Ceci dit, intéressons-nous d'un peu plus près à ce roman qui, avec le recul, 7 années passées depuis sa première publication et 4 thrillers fantastique, s'avère annonciateur de l'oeuvre à venir. Comme un bouillon de culture dont serait ensuite sortie une création plus aboutie, comme la matrice d'un oeuvre en gestation. Mais surtout, comme le récit d'un cauchemar dont on se réveillerait pantelant, trempé de sueur, les draps défaits et l'esprit retourné...

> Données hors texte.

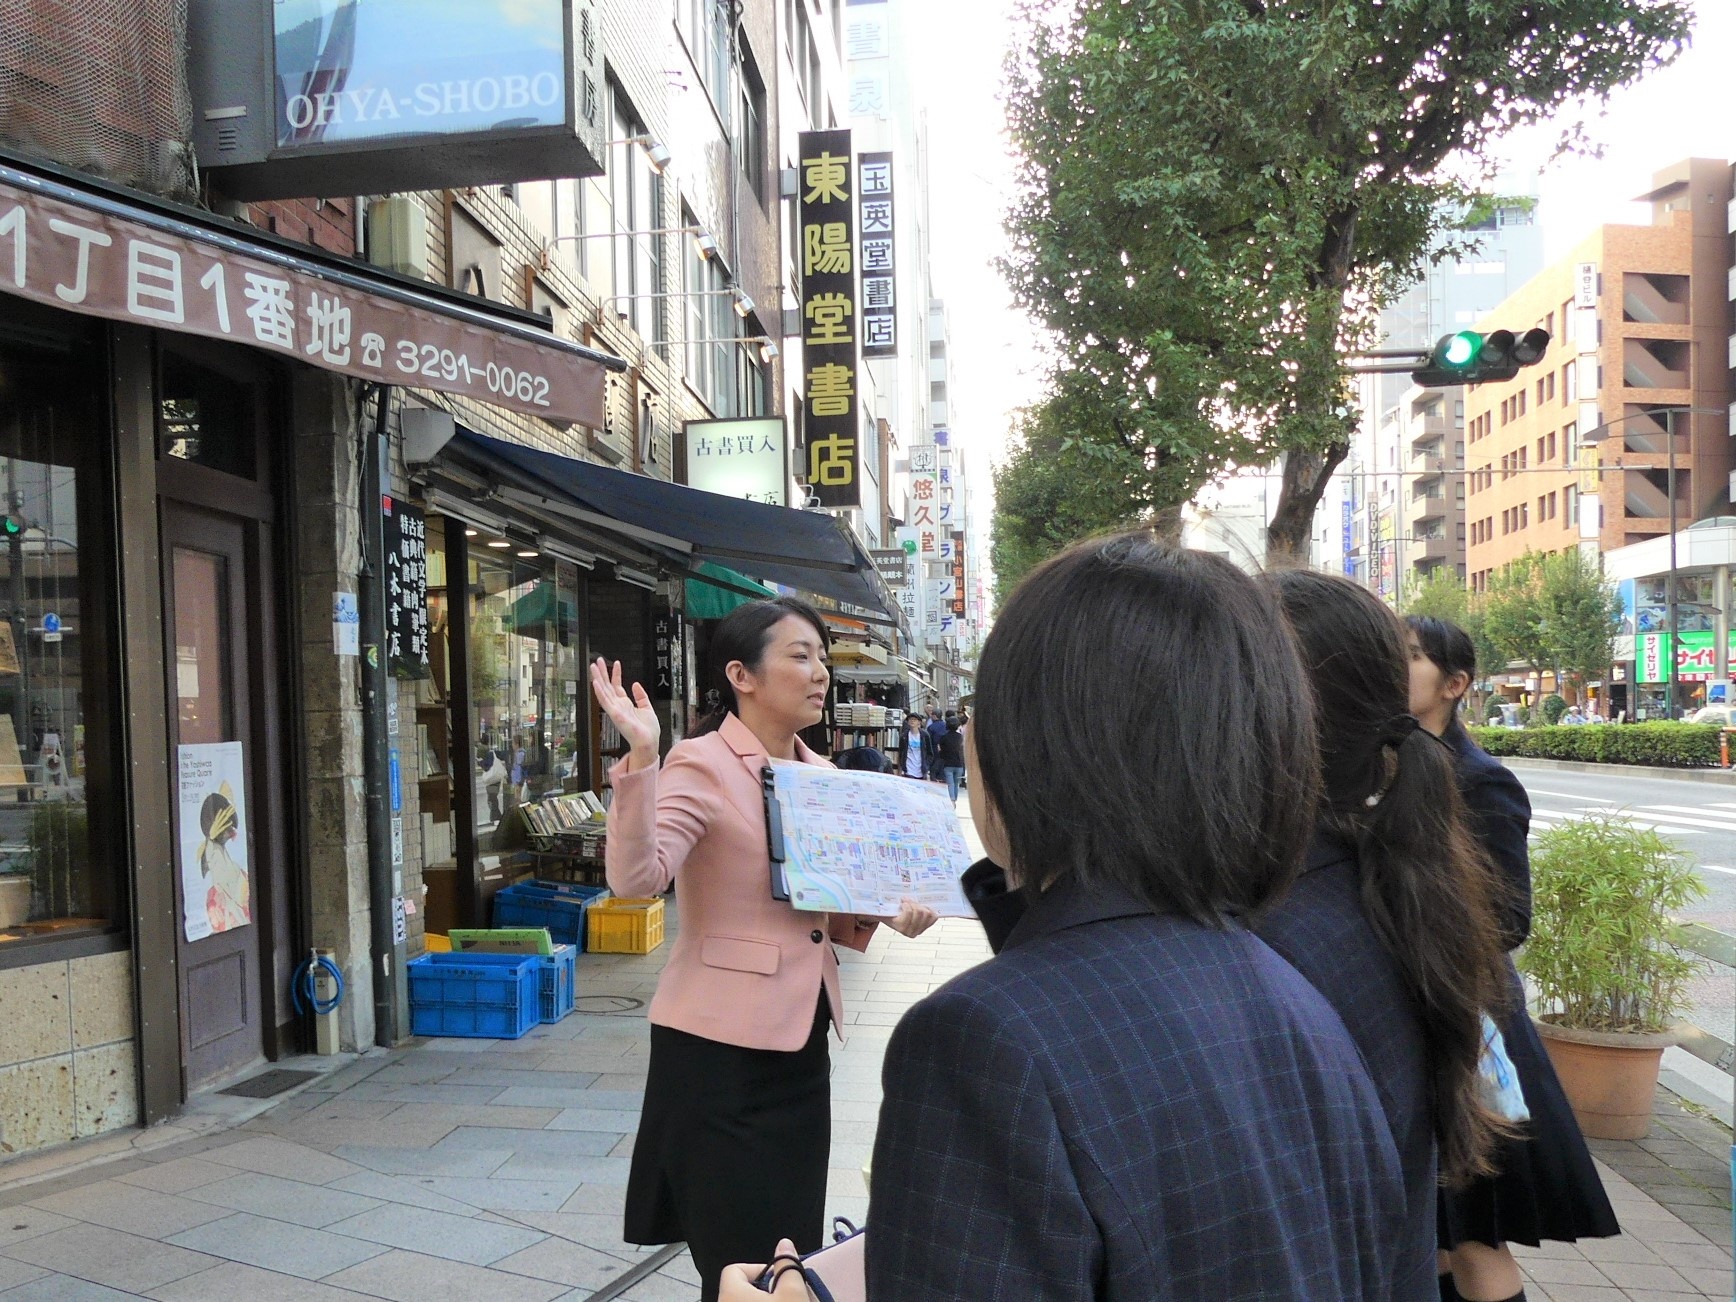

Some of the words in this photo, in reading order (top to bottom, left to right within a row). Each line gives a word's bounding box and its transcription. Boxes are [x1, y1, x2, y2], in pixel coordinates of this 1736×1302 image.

[286, 72, 560, 130] OHYA-SHOBO
[863, 163, 893, 346] 玉英堂書店
[802, 151, 854, 487] 東陽堂書店
[396, 338, 551, 408] 3291-0062
[694, 434, 777, 457] 古書買入
[912, 479, 936, 553] 悠久堂
[388, 552, 402, 658] 八木書店
[655, 620, 670, 687] 古書買入
[1646, 636, 1657, 680] サイゼリヤ

En effet, il y a un certain nombre d'éléments apparaissant dans "Angemort" et qu'on va retrouver par la suite, dans les thrillers de la série Vauvert. Petit tour d'horizon (bien sombre, l'horizon, même franchement ténébreux) mais pas forcément exhaustif, parce que je n'ai pas toutes les clés et que je ne vais parler que de ce qui m'a sauté aux yeux.

Bien sûr, l'évidence, c'est la soif de sang et la faim de chair humaine, très présentes dans "Angemort" et qui sont à la base de "De fièvre et de sang". Bien sûr, les motivations diffèrent un peu entre les personnages anthropophages d' "Angemort" et l'assassin de "De fièvre et de sang". En apparence, en tout cas, même si la question de l'immortalité et de l'appropriation de l'autre se posent dans les deux cas.

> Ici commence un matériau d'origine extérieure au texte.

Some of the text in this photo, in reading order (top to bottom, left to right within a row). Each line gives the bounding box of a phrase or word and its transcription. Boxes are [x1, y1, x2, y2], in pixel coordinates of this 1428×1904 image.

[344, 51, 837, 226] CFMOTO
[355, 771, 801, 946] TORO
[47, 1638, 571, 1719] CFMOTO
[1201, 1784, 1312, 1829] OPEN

Au-delà, il y a, dixit Sire Cédric lui-même, cette obsession finale pour la dévoration... La forme varie selon les livres, parfois moins explicite et plus teintée de symbolisme, comme souvent avec cet écrivain, on aura l'occasion d'en reparler d'ici la fin de ce billet, mais elle est toujours là, quasiment obsessionnelle... Ici encore, je ne vous dit rien des circonstances, mais ça dévore, oui, ça dévore...

Autre élément précurseur des livres à suivre : l'ombre, ou plutôt les ombres, omniprésentes dans "Angemort", très souvent présentes dans les enquêtes de Vauvert. Dans le bestiaire monstrueux que met en scène Sire Cédric dans "Angemort", on trouve d'ailleurs des ombres bien particulières, très remuantes, plus proches de la condition animale, croit-on avant de connaître le fin mot de cette affaire, très portées sur la chair humaine, elles aussi, eh oui, et perpétuellement affamées...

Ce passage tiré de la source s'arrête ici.